The easiest approach is to scrape this data from the website directly. To do this I used a Python library called Beautiful Soup. Once the HTML code for a page of j-archive.com is saved, it can be split up into separate chunks for Single, Double, and Final Jeopardy!, allowing for the clues and categories to be easily sorted.
There are a few issues with this data as it exists, which require some effort to clean. For one, not every question in Jeopardy! is available. If the contestants run out the clock before a question is asked, it won’t appear on the Jeopardy! archive. Another problem is that many categories require clarification from the host to provide necessary context.

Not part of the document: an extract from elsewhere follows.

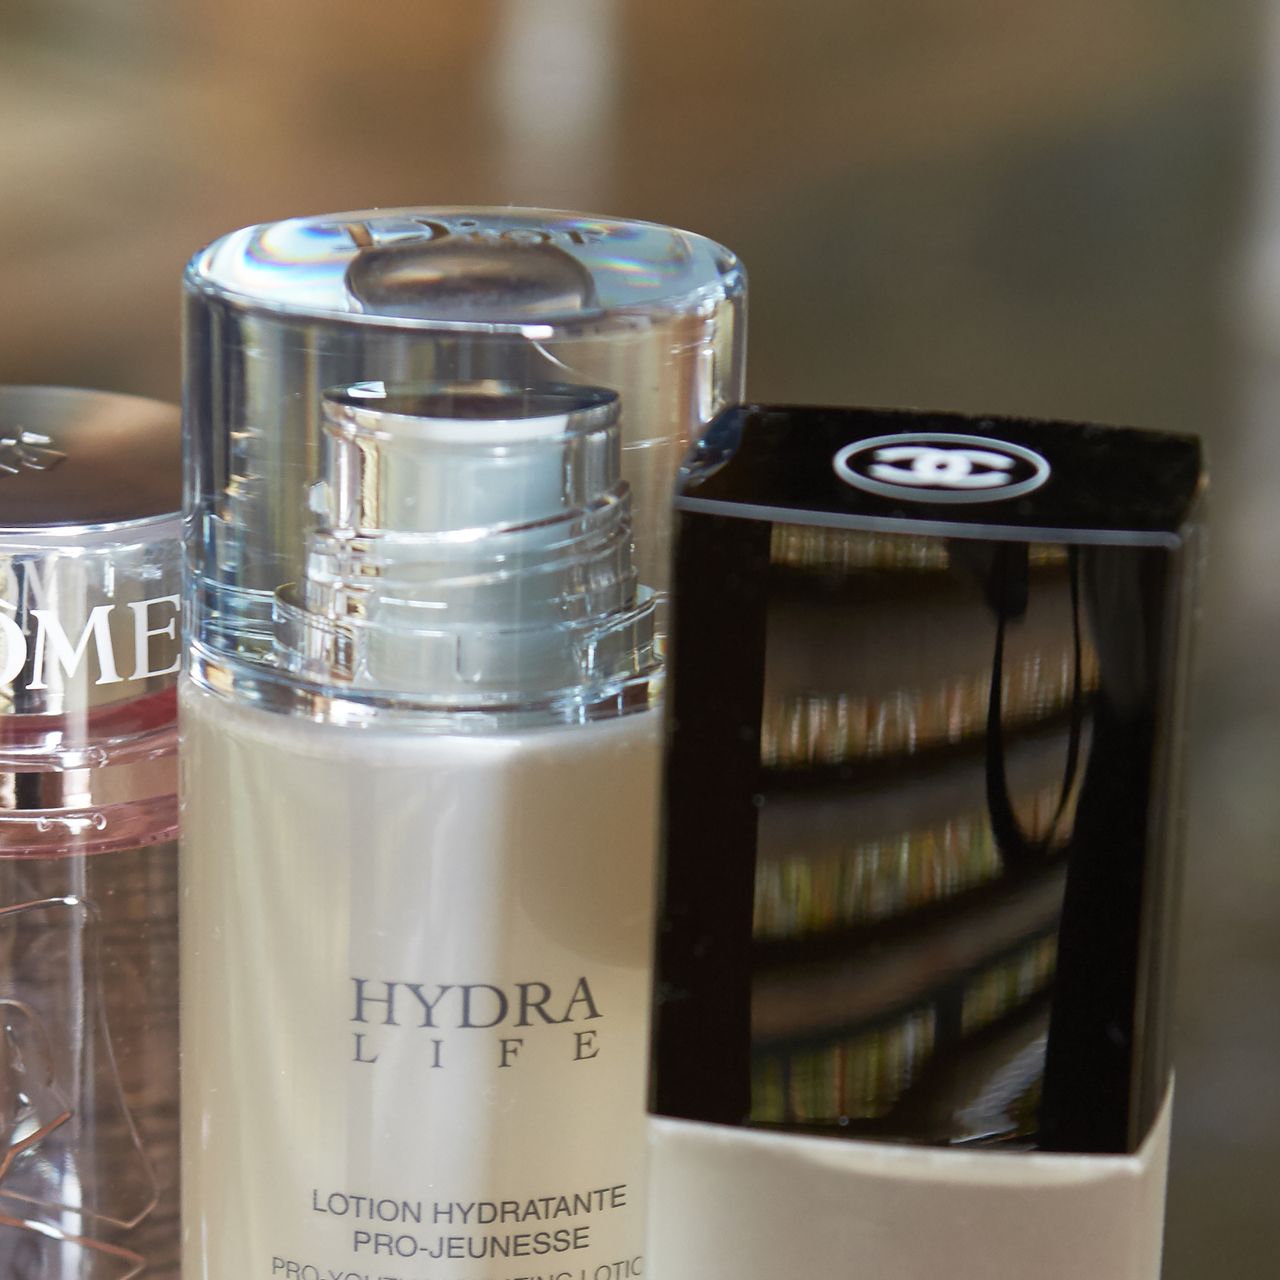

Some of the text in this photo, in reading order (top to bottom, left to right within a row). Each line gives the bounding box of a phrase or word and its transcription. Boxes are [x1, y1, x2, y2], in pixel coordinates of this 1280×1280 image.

Neither of these problems are especially troubling. Missing questions can simply be unincluded, and Ken Jenning’s comments can be included in the text of the category. A more difficult problem is with those clues that contain some sort of media. Many clues on Jeopardy can include an image, a sound, or a video (think for the video daily double, for instance). Although the archive we’re pulling from does provide a link to allow for media, these links seem to always lead to a 404 error.
Although these are sometimes solvable without the media they refer to, they sometimes aren’t. My approach to this is simply to include a tag on each question marking if it was supposed to include media, and otherwise to totally remove the broken links.
Once this is completed, the dataframe is organized and exported to a csv file. That dataframe looks a bit like this:
The collumns of this sheet are:
category | str | The official name of the category given by the show. This is the phrase a contestant says before " for $800, Ken" |
---|---|---|
hint | str | The actual text given by the host to the contestants. This is called the "hint" rather than "question", because the question is technically said by the contestant |
answer | str | The correct response to the hint. To avoid ambiguity, this is also often called the "response" in this article |
value | int | An integer indicating the point value of a question. The dollar sign is not included |
jtype | int | An integer indicating which round of Jeopardy! a row is included in. 1 indicates Single Jeopardy, 2 indicates Double Jeopardy, and 0 indicates Final Jeopardy |
media | bool | Indicates whether or not a hint includes media, such as sound, images, or video |
DD | bool | Indicates if a hint is one of the daily doubles |
date | date | This is the date when a question is aired, rather than the date it was downloaded, or the date it is viewed by the software user. |
game_name | str | A string giving a name to a game. Although almost all games have names of the form "Game #____", some are unique |
correct | int | An indicator for whether the user could answer the question correctly or not. 1 indicates a correct answer, -1 indicates an incorrect answer, and 0 indicates that the user would have skipped |
subjects | str | The broad subject or subjects a hint belongs to. Because there is some variance within categories, this applies to a specific question, not a category. Each subject is represented by a single letter in the string |
date_answered | date | The date at which the user entered whether they would have answered a question correctly or not |
Compiling the mountain of data that exists currently#
This section will focus mostly on how this data was compiled and cleaned to be useful for what comes next. It won’t be long, but if you’re not interested in those kinds of mundane details, feel free to skip to the next section.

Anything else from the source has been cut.